ASL L’AQUILA: PIETRUCCI, “ASSUMERE E STABILIZZARE IL PERSONALE SANITARIO E AMMINISTRATIVO”

23 Agosto 2023 11:43

- Cronaca

L’AQUILA – “Per fronteggiare la cronica carenza di personale, la precarietà occupazionale e i grandi problemi organizzativi e di efficienza dei servizi che da anni affliggono la Asl provinciale dell’Aquila la prima e indispensabile cosa da fare è aprire un confronto tra il management dell’Azienda e le organizzazioni sindacali”.

A scriverlo in una nota il consigliere regionale del Partito democratico, Pierpaolo Pietrucci.

LA NOTA





Solo in questo modo si può seriamente affrontare l’insieme dei problemi (il fabbisogno del personale, le risorse finanziarie, i diritti dei lavoratori, il rispetto delle procedure di legge, i tempi e le modalità di selezione, la stabilizzazione degli operatori sanitari, sociosanitari e amministrativi) per garantire la reinternalizzazione di attività e funzioni finora appaltate a società o cooperative esterne.

Per questo obiettivo da tempo abbiamo chiesto alla Direzione generale della ASL1 di attivare un rapporto con i sindacati, in piena legittimità e trasparenza.
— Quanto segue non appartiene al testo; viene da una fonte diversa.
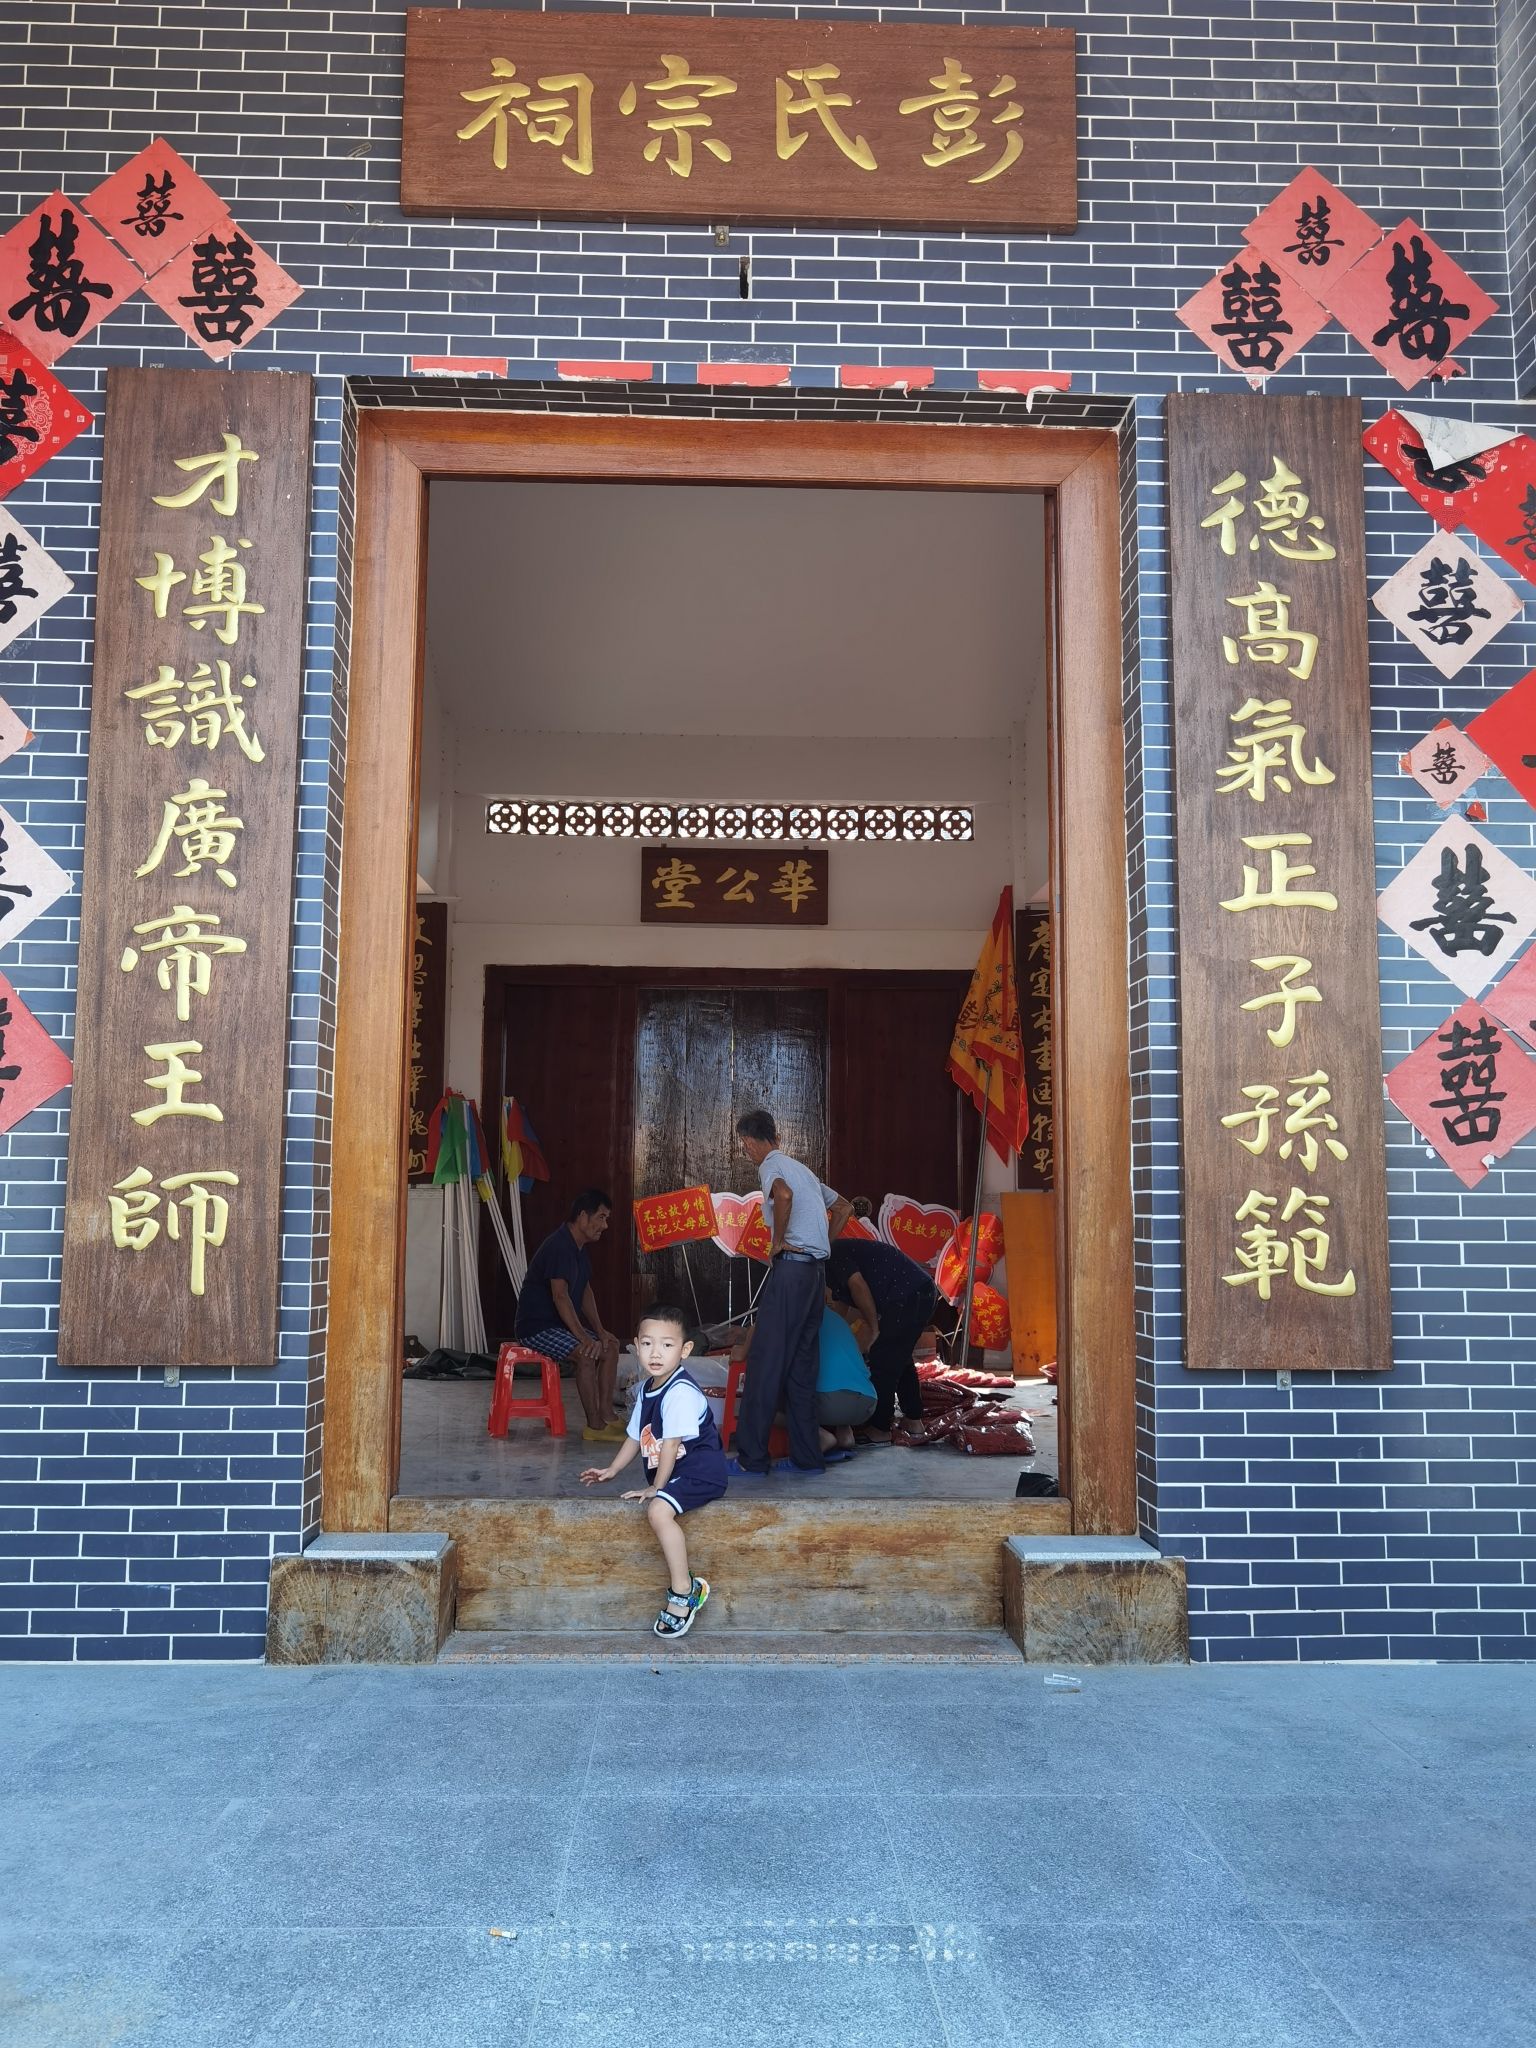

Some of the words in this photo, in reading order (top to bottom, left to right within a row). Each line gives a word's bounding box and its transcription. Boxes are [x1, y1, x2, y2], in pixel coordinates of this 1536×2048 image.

Dunque l’odierna dichiarazione del consigliere Verrecchia – che finalmente e con un certo ritardo si interessa dell’argomento – è solo un primo segno di apertura a cui deve immediatamente seguire il confronto con le parti sociali.





D’altra parte il riferimento normativo a cui si fa riferimento (il comma 268 dell’art.1 della Legge 234/2021) è utile e poteva essere utilizzato già da tempo, ma non è sufficiente perché prevede “…procedure selettive per il reclutamento del personale da impiegare nelle funzioni reinternalizzate … attraverso una riserva di posti non superiore al 50 per cento di quelli disponibili, del personale impiegato in mansioni sanitarie e socio-sanitarie…” e lascia aperto il tema degli impiegati amministrativi.

Dunque, invece di procedere da sola, sarebbe più giusto e utile che la ASL1 condividesse strategie, strumenti e modalità d’azione con le organizzazioni sindacali per garantire insieme la valorizzazione del personale, le opportunità di accesso pubblico, la trasparenza delle assunzioni e il miglioramento di tutti i servizi.

Una struttura così carica di responsabilità e di problemi come la ASL1 – emarginata dalla politica regionale che le sottrae risorse, colpita da carenze strutturali di personale e strumentazioni, con lunghissime liste d’attesa e poi anche aggredita dall’hackeraggio dei dati degli utenti – non solo non dovrebbe temere, ma anzi dovrebbe cercare costantemente il confronto con i sindacati e con ogni soggetto protagonista del sistema sanitario locale.